Proximity proteomics of endothelial Weibel-Palade bodies identifies novel regulator of von Willebrand factor secretion

Weibel-Palade bodies (WPB) are unique secretory organelles of endothelial cells that store factors regulating vascular hemostasis and local inflammation. Endothelial activation triggers rapid exocytosis of WPB, leading to the surface presentation of adhesion molecules relevant for leukocyte rolling (P-selectin) and platelet capture (von Willebrand factor [VWF]). Despite its role as an important secretory organelle, a comprehensive compilation of factors associated with WPB has not been carried out. We addressed this via a proximity proteomics approach employing the peroxidase APEX2 coupled with 2 known WPB-associated proteins: the Rab GTPases Rab3b and Rab27a.

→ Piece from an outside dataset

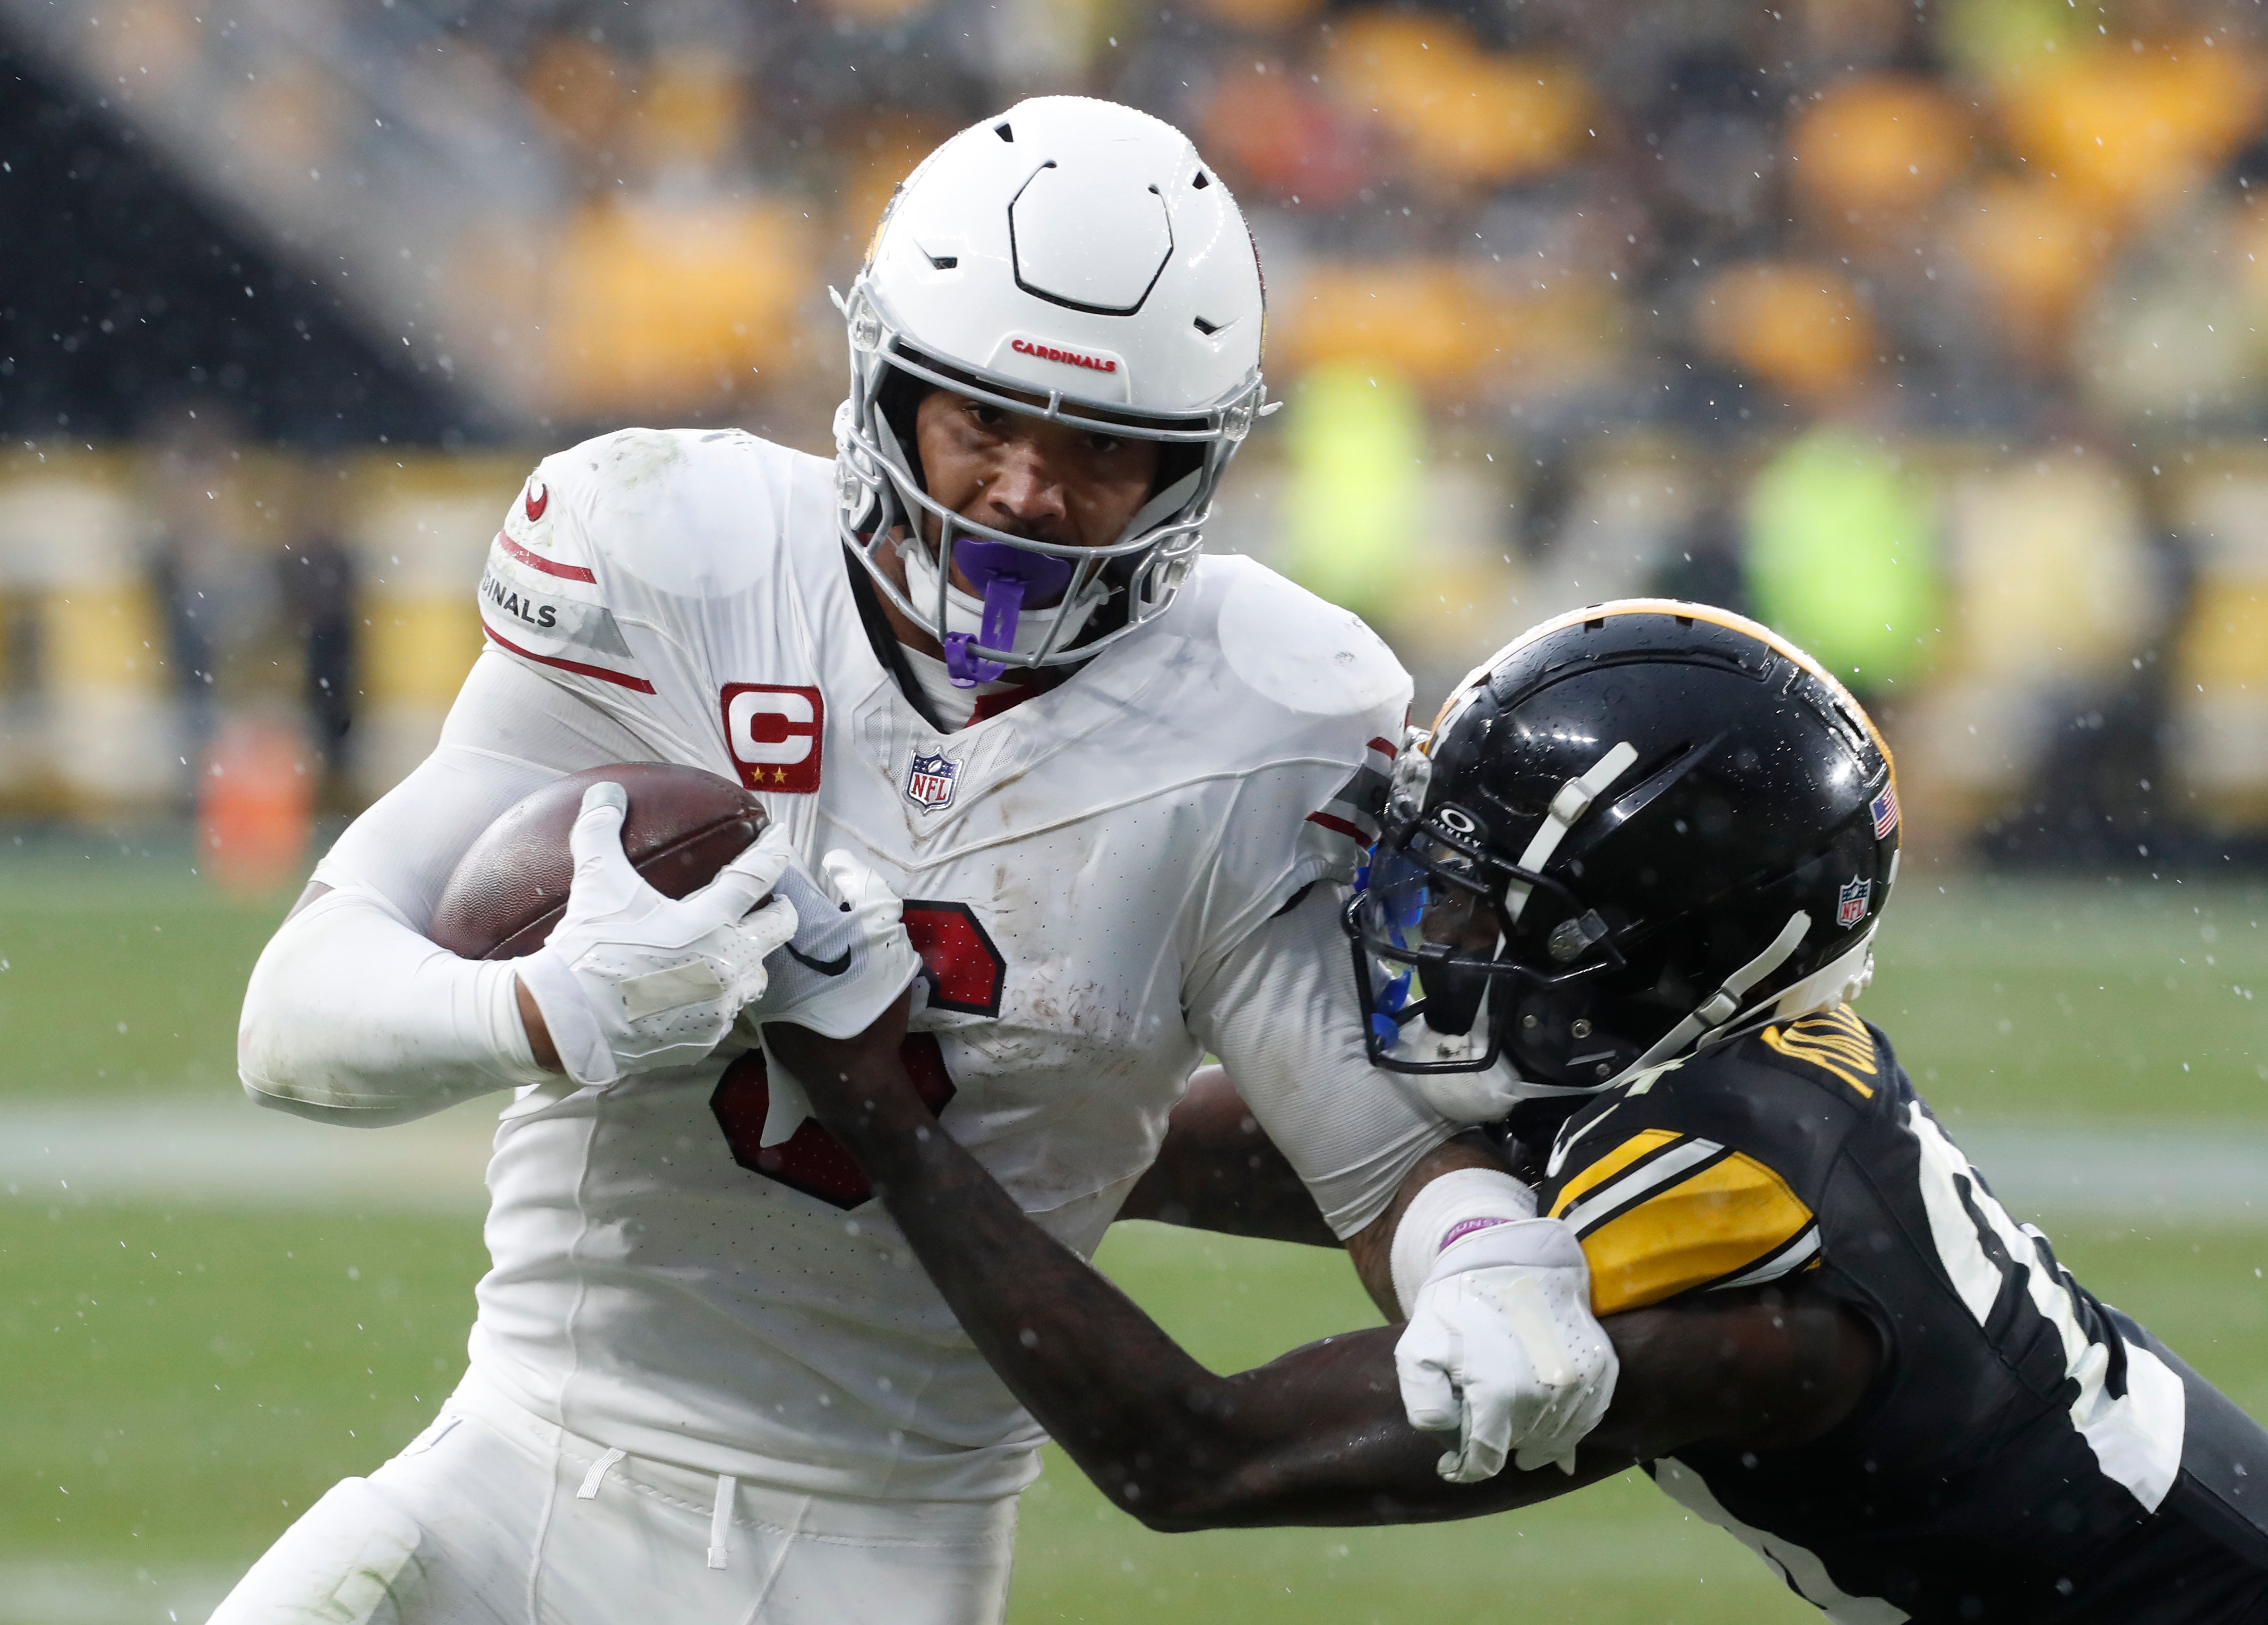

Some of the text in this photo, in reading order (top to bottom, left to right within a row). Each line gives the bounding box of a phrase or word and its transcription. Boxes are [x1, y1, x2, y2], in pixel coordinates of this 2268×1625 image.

[1012, 339, 1117, 372] CARDINALS
[728, 691, 814, 765] C
[911, 774, 947, 802] NFL
[1841, 899, 1863, 921] NFL

We show that APEX2-Rab3b/27a fusion constructs are correctly targeted to WPB of primary endothelial cells, and that proteins in their close proximity can be biotinylated through the WPB-recruited APEX2. Mass spectrometry analysis of the biotinylated proteins identified 183 WPB-associated proteins. Whereas these include factors reported before to localize to WPB, the majority comprises proteins not previously associated with WPB biology. Among them, the SNARE-interacting protein Munc13-2 was shown here to specifically localize to WPB and to serve as a novel factor promoting histamine-evoked WPB exocytosis and VWF secretion. Thus, APEX2-based proximity proteomics can be used to specifically identify novel organelle-associated factors in primary endothelial cells.
Key Points • In vivo proteomics with Weibel-Palade body-targeted APEX2 constructs reveals the organelle-associated proteome. • Munc13-2 is a novel positive regulator of von Willebrand factor secretion from endothelial cells.